The latter makes it possible to decide whether or not a situation should be avoided. According to the results of the new study, it is also responsible, via a complex mechanism, for the “impulsive and compulsive” consumption of alcohol in many individuals. The research was carried out as part of an international collaboration, co-led by Dr Tianye Jia of Fudan University, Professor Jianfeng Feng of the University of Warwick and Fudan University, and Professor Trevor Robbins of Cambridge University and Fudan University. The details were published in the journal Science Advances.

A bifactorial imbalance

According to researchers, a person is at higher risk of developing alcohol use disorders when this information channel is out of balance in two ways:

  • Alcohol inhibits dPAG (the area of ​​the brain that deals with adverse situations), so the brain cannot respond to negative signals or the need to escape danger, leading an individual to only feel the benefits of alcohol consumption, not its bad side effects. It is a possible cause of compulsive alcohol consumption.

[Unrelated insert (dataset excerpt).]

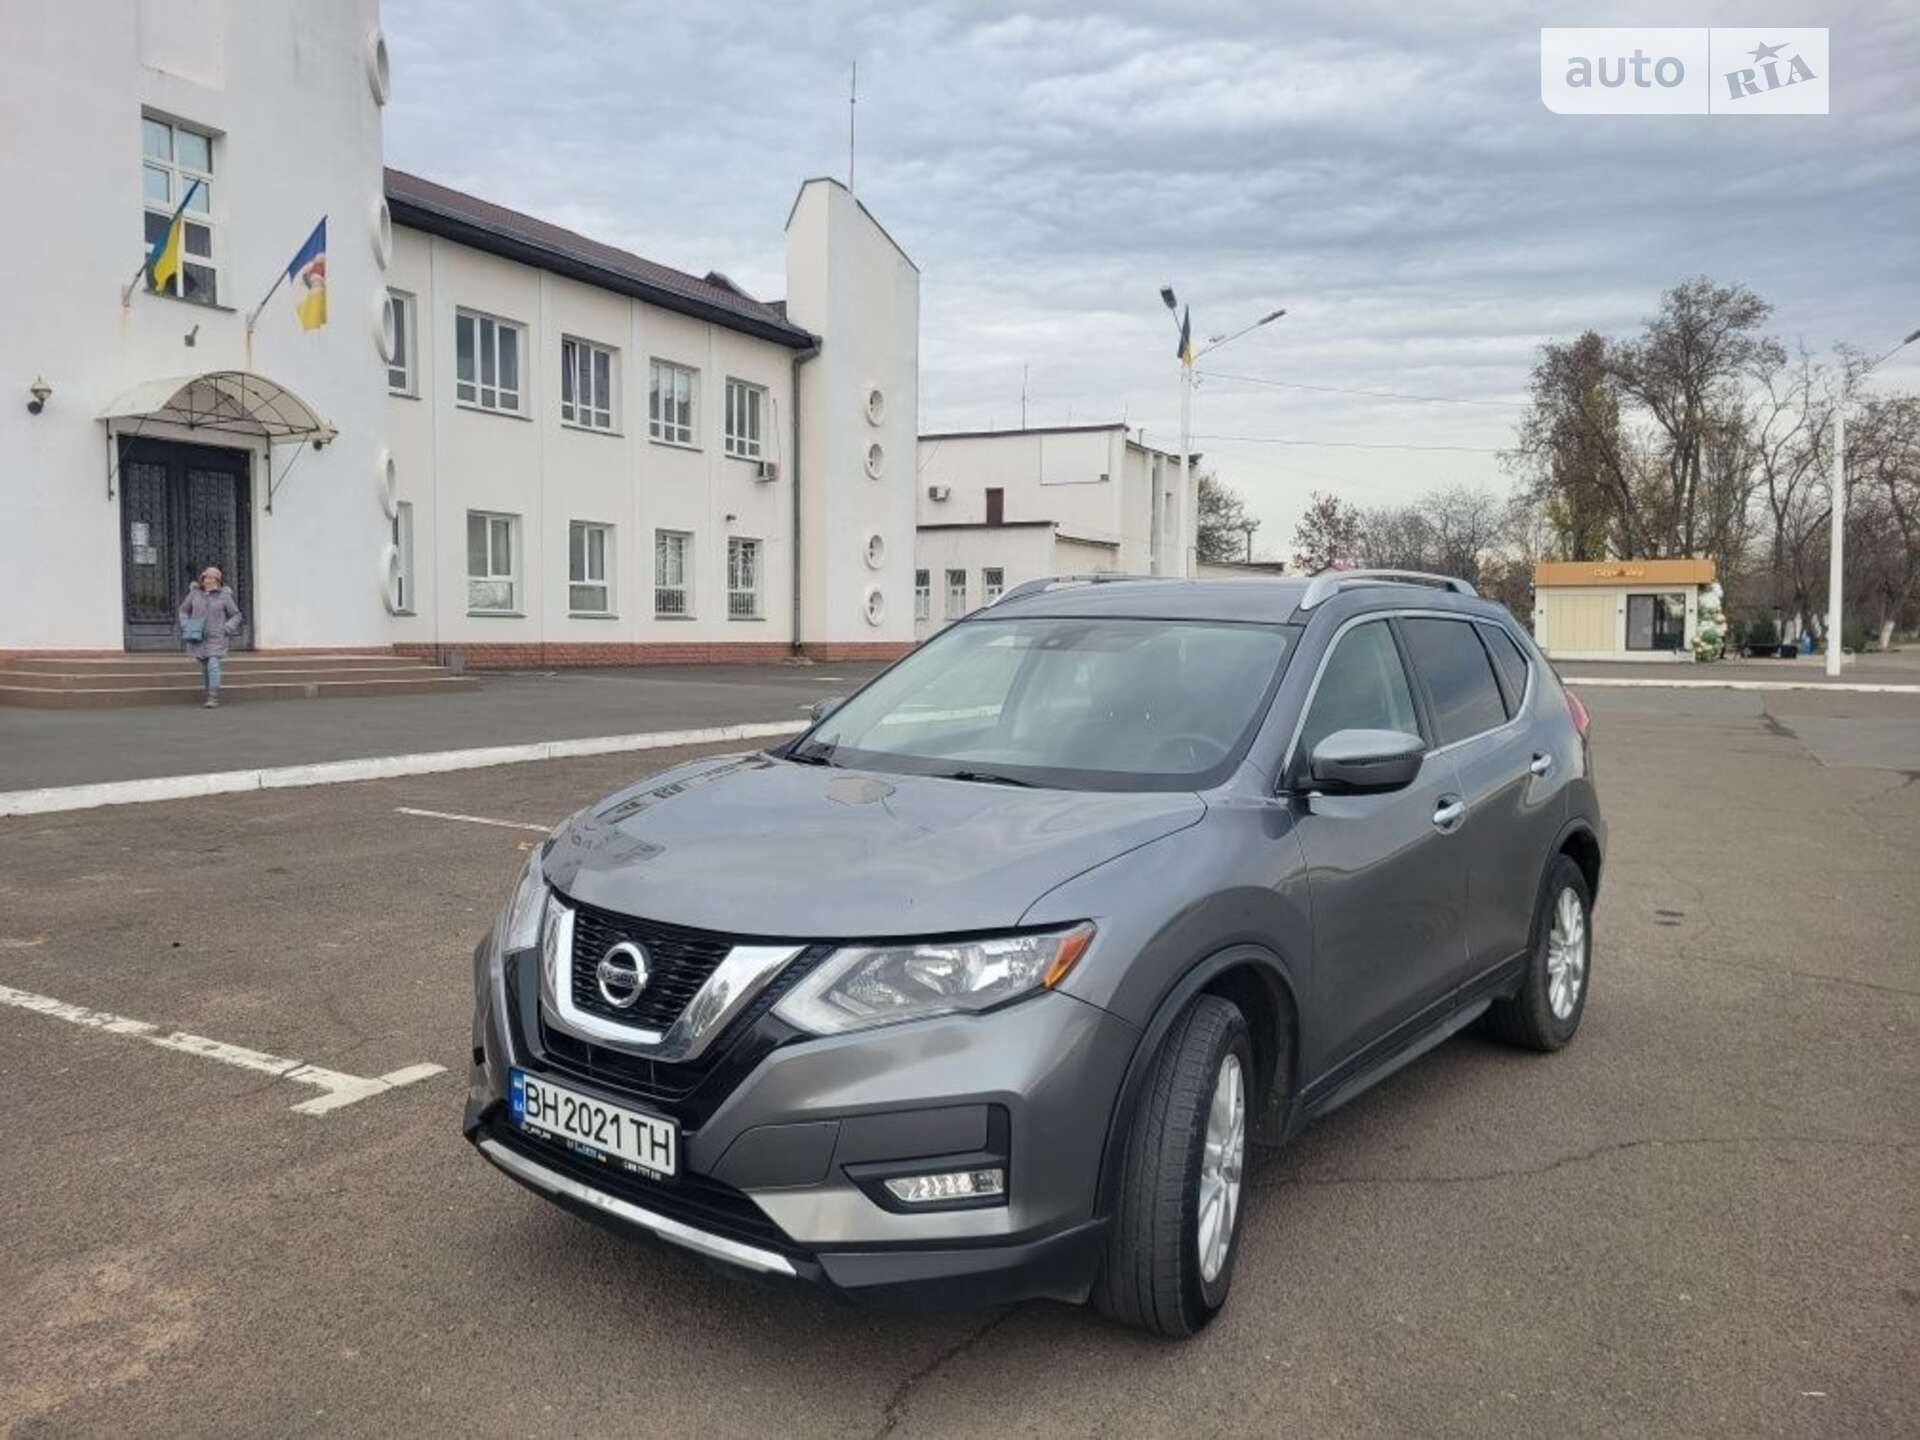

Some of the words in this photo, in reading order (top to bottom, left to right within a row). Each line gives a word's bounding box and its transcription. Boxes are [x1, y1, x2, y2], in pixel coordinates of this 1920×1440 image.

[525, 1081, 559, 1127] BH
[564, 1097, 622, 1149] 2021
[630, 1118, 670, 1166] TH

  • A person suffering from an alcohol addiction will also usually have an overexcited pAG, making them feel that they are in an unfavorable or unpleasant situation from which they wish to escape, and they will turn "urgently" to the. alcohol to do it. It is the cause of impulsive alcohol consumption.

 I was asked to comment on an earlier study in mice with a similar purpose: to locate possible origins of alcohol abuse. It is exciting to be able to replicate these mouse models in humans and, of course, to go further to identify a dual pathway model that links alcohol abuse with a tendency to exhibit impulsive behavior , ”says the Professor Jianfeng Feng, Computer Science Department, University of Warwick.

Sectional view of the median orbitofrontal cortex. The downregulation of dorsal periaqueductal gray matter (dPAG, stands for Dorsal Periaqueductal Gray) is linked to impulsive and compulsive alcohol consumption. © University of Warwick

It is remarkable that these neural systems in mice, which deal with responding to threats and 'punishments', have been shown to be relevant to our understanding of the factors leading to alcohol abuse in adolescents, " says the Professor Trevor Robbins, Department of Psychology, University of Cambridge. “ We found that the same top-down neural regulation could malfunction in two completely different ways, while leading to similar alcohol abuse behavior ,” says Dr. Tianye Jia, of the Institute of Science and Technology. Fudan University.

Before considering their study in humans, the research team had noticed that previous rodent models showed that the brain areas mPFC and dPAG could be at the origin of precursors of alcohol dependence. They then analyzed MRI brain scans from the IMAGEN dataset - a group of 2,000 people from the UK, Germany, France and Ireland who are engaged in scientific research to advance knowledge on how whose biological, psychological and environmental factors during adolescence can influence brain development and mental health.

Participants undertook task-based functional MRI scans, and when they were not rewarded in the tasks (which produced negative feelings of punishment), the regulation between mOFC and dPAG was more strongly inhibited in participants who had demonstrated alcohol abuse. Likewise, at rest, participants who showed a more "over-excited" regulatory pathway between mOFC and dPAG (leading to feelings of urgent need to escape a situation) also had increased levels of dPAG. alcohol abuse.

Alcoholism is one of the most common and devastating addictions. According to a WHO report published in 2018, more than 3 million deaths per year are linked to alcohol consumption worldwide (45,000 in France), and harmful alcohol consumption contributes to 5.1 % of the global disease burden. Understanding the triggers and the neurological mechanisms involved is therefore crucial to better help these people and to offer adapted withdrawal therapies.